Business
Stakeholders Differ On Sovereign Bonds In Bardays’ Index
Some financial experts have expressed divergent views on the likely effects of the inclusion of Nigeria’ sovereign bonds in the emerging markets index of Barclays Bank, London.
They expressed their views in separate interviews with The Tide source in Lagos, recently.
While some said the inclusion would boost activities in government securities, others advised the regulators to monitor the quality of capital inflow that would arise from the inclusion in the index.
An economist with Abel & Sell Ltd., Mr Henry Boyo, said that the government needed to strengthen its investment policies to monitor the quality of investment that were entering the country.

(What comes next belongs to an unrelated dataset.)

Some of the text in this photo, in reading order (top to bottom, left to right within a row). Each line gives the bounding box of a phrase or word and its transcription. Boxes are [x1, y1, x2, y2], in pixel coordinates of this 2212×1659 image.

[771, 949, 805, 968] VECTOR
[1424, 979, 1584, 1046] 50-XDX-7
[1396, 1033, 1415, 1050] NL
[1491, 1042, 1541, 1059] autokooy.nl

According to Boyo, investments Nigeria is searching for must be of certain quality and not funds that will come in and go out anytime.
“If the investments coming into Nigeria are speculative cash flows that can be off loaded at will, they will create problems for the economy,” Boyo said.
He said that if returns on government bonds were at double digit, they should be reviewed in line with others with single digit.
Boyo said that the spate of insecurity in the country should be addressed urgently to avoid panic decisions by investors.
The Managing Director of Investment One Financial Services Ltd, Mr Nicholas Nyamali, disagreed that the returns on the bonds should be single digit.
According to Nyamali, a double-digit yield environment will attract offshore investments into the bonds market.
He said that the inclusion was a vote of confidence in the economy.
“The inclusion is a strong reflection of the improvement in the domestic bonds market over the years and a vote of confidence in Nigeria’s economic fundamentals,” Nyamali said.